The CPA’s role in advising clients about the value of life insurance assets

By Tracy Barrett, CPA, and John Dallas

Editor: Theodore J. Sarenski, CPA/PFS
 

Life insurance is a staple of any client's portfolio, regardless of age or income bracket, but it can also be a surprisingly valuable hidden asset for clients who are retired.

American seniors own roughly 38 million life insurance policies with a total "face value" of more than $3 trillion, according to the Life Insurance Settlement Association (LISA). Some of these policies were purchased when the insureds were young adults and just starting a family; others were purchased as their children grew and the insureds' financial needs were greater. Still others were purchased by empty nesters for tax planning purposes.

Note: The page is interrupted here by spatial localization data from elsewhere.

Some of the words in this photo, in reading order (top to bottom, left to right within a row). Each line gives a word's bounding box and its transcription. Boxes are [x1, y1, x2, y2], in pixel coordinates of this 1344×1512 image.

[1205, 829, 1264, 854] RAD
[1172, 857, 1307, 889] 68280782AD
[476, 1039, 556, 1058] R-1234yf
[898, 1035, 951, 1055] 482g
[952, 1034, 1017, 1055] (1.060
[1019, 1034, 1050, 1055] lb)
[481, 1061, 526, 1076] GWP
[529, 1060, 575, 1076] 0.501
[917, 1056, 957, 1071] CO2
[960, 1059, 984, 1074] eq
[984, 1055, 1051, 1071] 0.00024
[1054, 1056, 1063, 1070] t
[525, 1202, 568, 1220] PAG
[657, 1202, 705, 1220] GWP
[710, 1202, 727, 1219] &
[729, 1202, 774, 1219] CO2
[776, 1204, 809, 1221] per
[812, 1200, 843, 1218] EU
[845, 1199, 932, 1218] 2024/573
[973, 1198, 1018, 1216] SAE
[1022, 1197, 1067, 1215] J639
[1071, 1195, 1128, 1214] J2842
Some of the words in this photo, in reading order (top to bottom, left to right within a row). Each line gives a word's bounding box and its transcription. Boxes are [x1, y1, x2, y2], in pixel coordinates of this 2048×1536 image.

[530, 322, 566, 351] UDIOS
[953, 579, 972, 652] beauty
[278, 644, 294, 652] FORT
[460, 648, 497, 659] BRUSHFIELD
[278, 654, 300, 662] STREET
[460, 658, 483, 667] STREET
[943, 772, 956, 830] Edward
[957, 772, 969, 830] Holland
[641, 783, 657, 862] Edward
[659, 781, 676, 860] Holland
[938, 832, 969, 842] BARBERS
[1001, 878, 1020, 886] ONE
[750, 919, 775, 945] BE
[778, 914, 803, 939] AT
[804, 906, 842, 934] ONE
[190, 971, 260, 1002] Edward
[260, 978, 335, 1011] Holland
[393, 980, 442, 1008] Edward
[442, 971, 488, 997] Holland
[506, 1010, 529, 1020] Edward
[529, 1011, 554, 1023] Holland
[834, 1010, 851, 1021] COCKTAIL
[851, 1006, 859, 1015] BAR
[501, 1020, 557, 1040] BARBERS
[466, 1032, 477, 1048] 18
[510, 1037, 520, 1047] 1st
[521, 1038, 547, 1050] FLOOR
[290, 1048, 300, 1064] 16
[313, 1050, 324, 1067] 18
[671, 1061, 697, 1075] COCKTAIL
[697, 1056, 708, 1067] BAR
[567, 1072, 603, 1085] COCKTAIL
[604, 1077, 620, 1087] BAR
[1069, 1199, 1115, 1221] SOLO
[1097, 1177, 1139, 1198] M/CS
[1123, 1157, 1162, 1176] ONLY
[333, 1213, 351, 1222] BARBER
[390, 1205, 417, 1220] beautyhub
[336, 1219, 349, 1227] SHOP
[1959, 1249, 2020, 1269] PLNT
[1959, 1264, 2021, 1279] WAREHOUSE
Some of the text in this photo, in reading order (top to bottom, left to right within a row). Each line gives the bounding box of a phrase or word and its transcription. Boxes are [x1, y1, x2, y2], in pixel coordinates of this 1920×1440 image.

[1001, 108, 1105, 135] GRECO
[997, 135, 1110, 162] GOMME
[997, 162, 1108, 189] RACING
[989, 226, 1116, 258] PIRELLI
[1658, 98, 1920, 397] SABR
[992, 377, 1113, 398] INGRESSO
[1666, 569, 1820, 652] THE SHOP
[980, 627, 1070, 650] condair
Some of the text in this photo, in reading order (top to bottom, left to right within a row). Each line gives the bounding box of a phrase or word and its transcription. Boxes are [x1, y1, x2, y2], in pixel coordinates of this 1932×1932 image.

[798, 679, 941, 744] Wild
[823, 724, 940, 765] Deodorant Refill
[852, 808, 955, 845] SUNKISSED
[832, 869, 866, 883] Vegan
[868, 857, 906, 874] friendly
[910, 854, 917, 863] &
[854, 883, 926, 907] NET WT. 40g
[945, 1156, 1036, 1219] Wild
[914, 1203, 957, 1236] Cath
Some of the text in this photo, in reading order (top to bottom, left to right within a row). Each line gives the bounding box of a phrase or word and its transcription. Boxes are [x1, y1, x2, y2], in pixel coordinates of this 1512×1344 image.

People purchase life insurance for many reasons, most often to provide an inheritance for their surviving spouse and children, protect their family from unpaid debts, help pay college expenses for their children or grandchildren, pay for their funeral expenses, or leave behind a charitable legacy. In many cases, the factors that originally motivated the purchase of the policy have changed over the years. Another consideration is that annual premiums that were once just another expense in the family budget may now pose a significant financial burden.

If clients own life insurance policies that they no longer need or can afford, a CPA financial adviser is in a unique and trusted position to advise them of their options. After all, life insurance is likely a significant—and often overlooked—asset in a client's portfolio.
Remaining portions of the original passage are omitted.